The Disappearing Body March 16, 2015

The dead have gone missing from the realm of the living,” observes Candi Cann in Virtual Afterlives (xi). “They are, like their memorials, repackaged, the very disjuncture of death denies in its most crucial moment.”

Death has moved from the home and family to the hospital and the funeral home. “Death and dying, with rare exceptions, have become compartmentalized from everyday life, and death and dying are a business” (2).

She sees this effort to displace the dead from the realm of the living even in widely accepted practices like embalming: “Bodies and their roles in death and bereavement can be highlighted by embalming . . . and the emphasis placed on viewing them, or having them present.
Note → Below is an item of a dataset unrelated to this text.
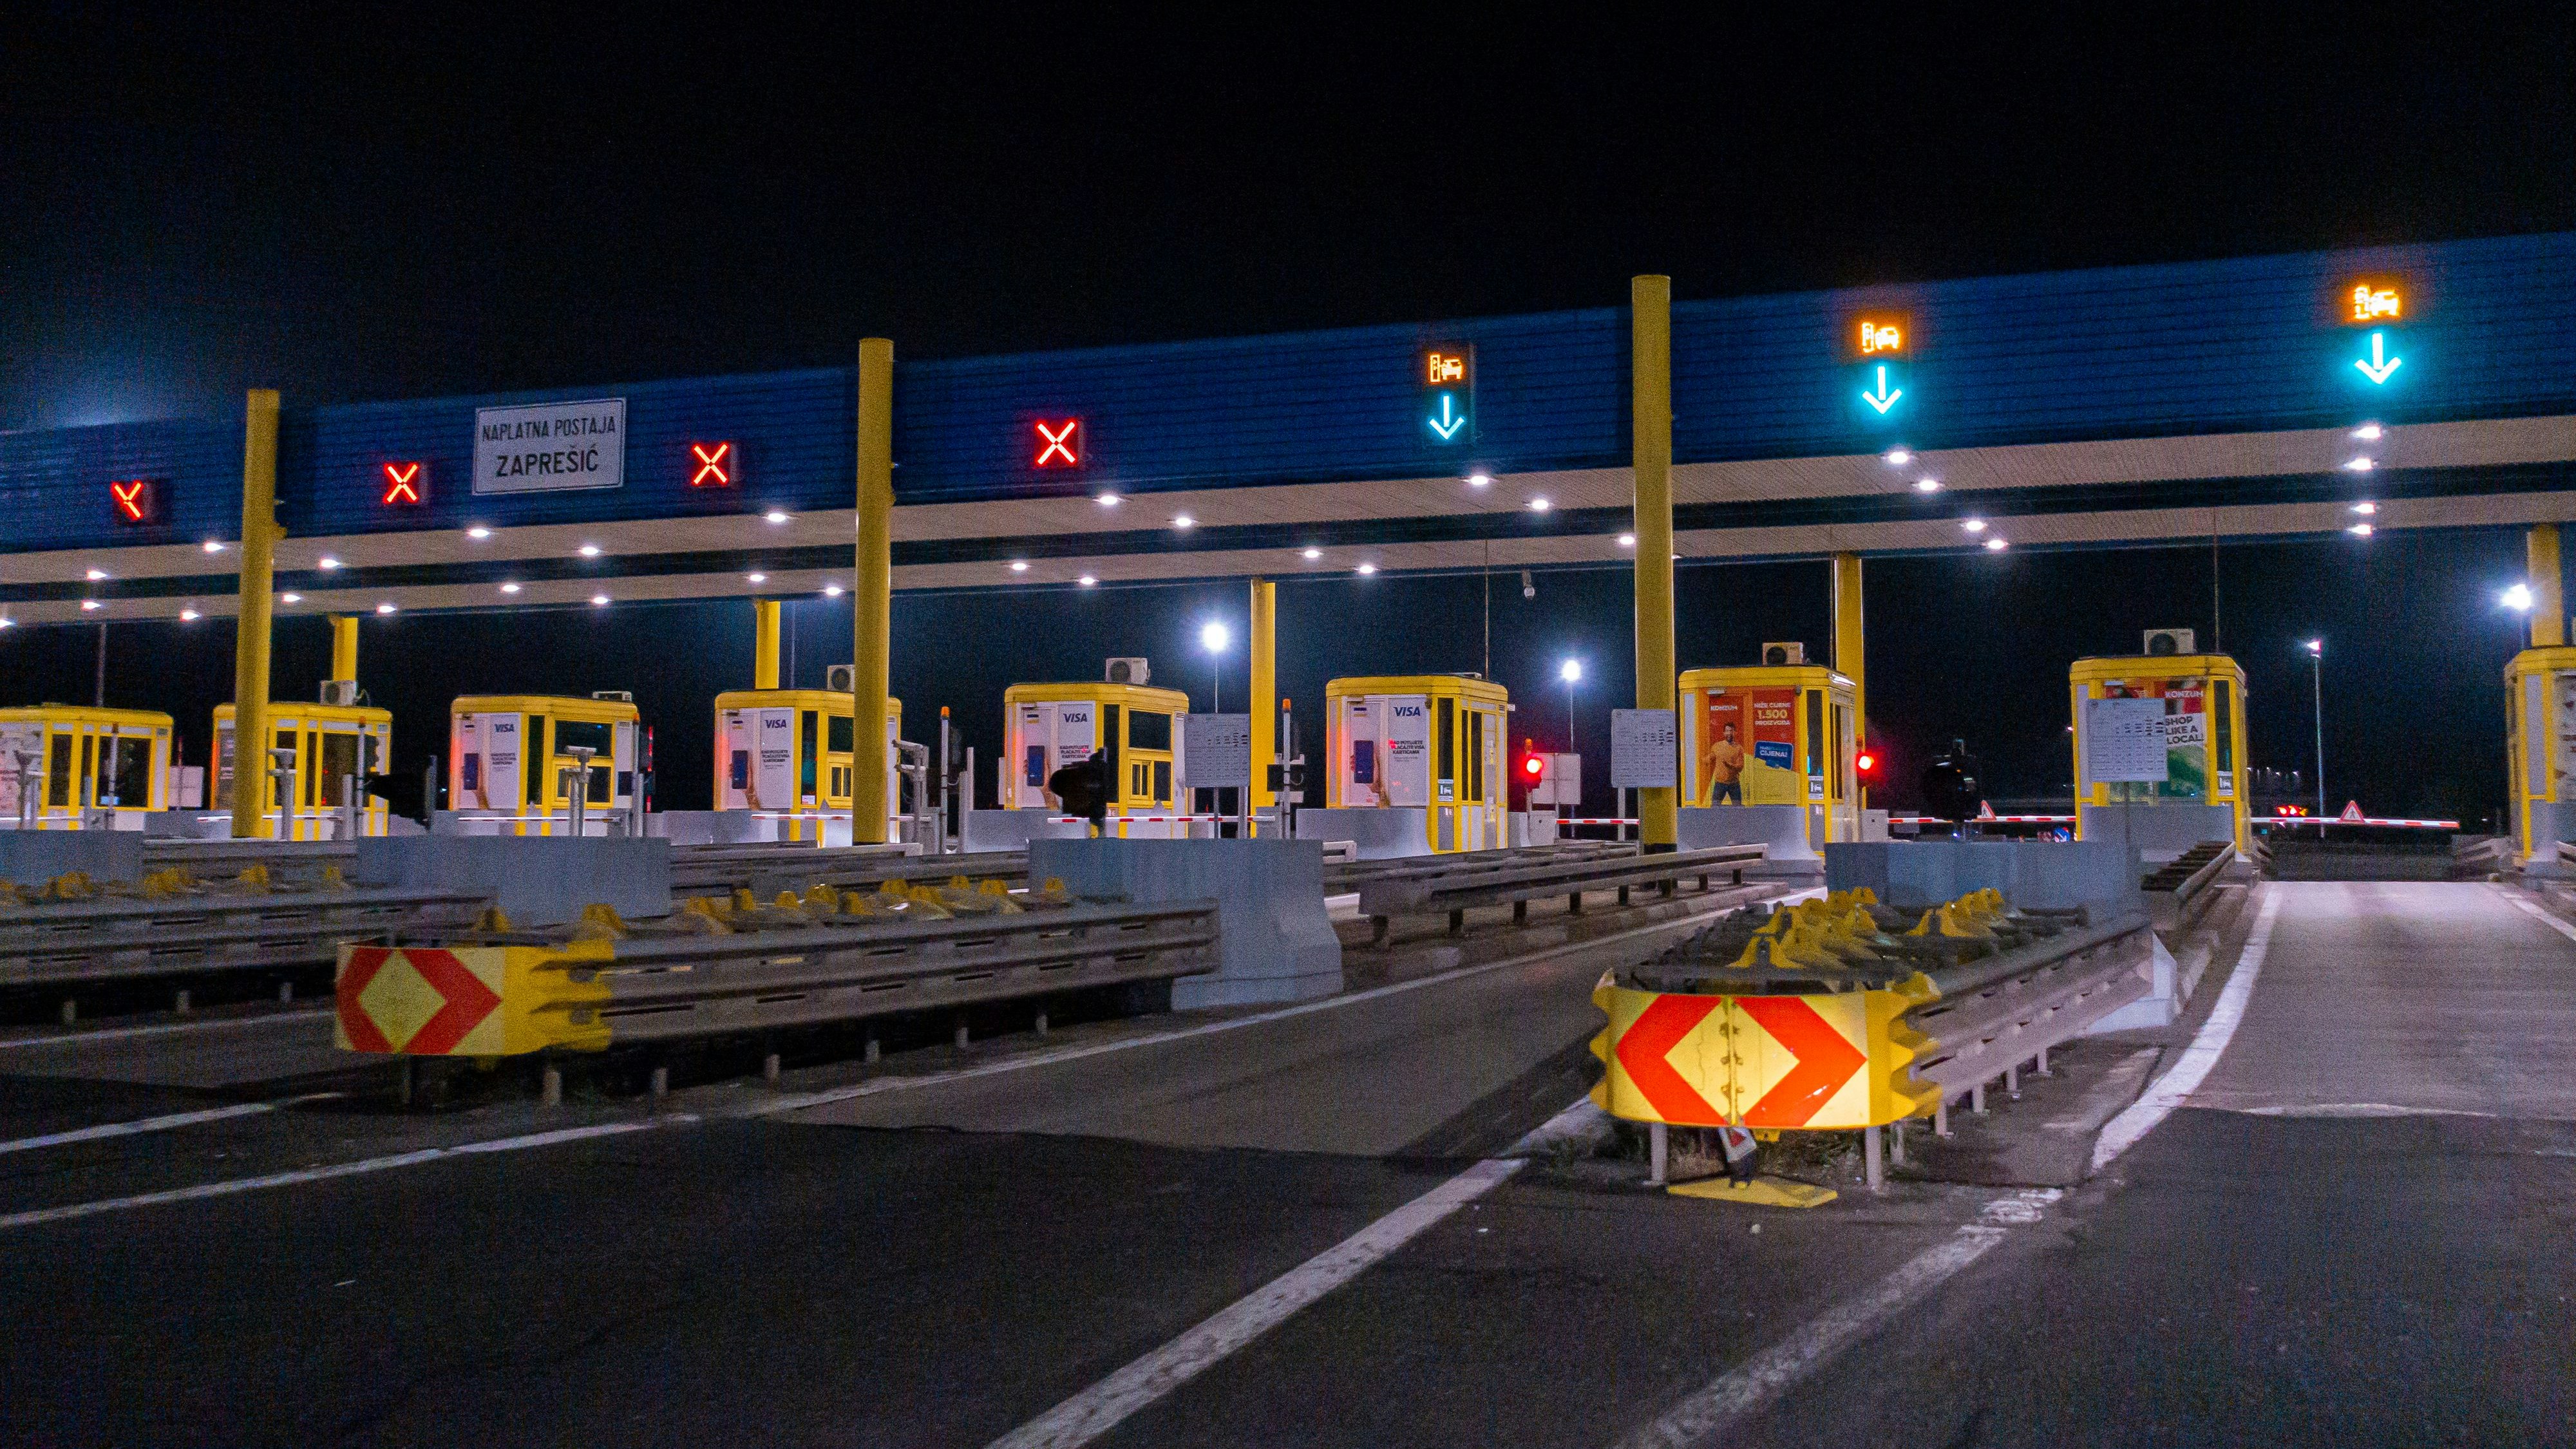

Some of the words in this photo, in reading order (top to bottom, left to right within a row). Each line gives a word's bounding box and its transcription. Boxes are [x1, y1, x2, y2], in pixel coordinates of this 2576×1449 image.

In this way, corpses become central actors in funerals and grieving ceremonies. The dead body, in its encounter by the grieving, actively helps in the bereavement process by impressing on the living that it is not longer present, but dead” (19).

But embalming the body can move in an opposing direction: “Embalmment in the last century was not for the preservation of the body and its ultimate resurrection (as in ancient Egyptian society), but rather for the avoidance of the natural process of decay after death. In this way, embalmment was not, as it might first seem, a way of bringing us closer to the dead, but actually a way of further estranging us from them. The dead, as they are, are not presentable and acceptable company; they must first be sewn shut, stuffed, drained, transfused, and made up before we deem them acceptable. Dead bodies are no longer part of our lives unless they seem like the living” (19).

Sealed, airtight coffins manifest similar motives: “It is the body itself that causes deterioration of the body—not the influence of outside elements introduced into the coffin” (20). No coffin can actually prevent the corpse from acting like a corpse—from decaying. But we make a futile gesture of keeping the dead like the living by sealing them in useless, but very expensive, coffins.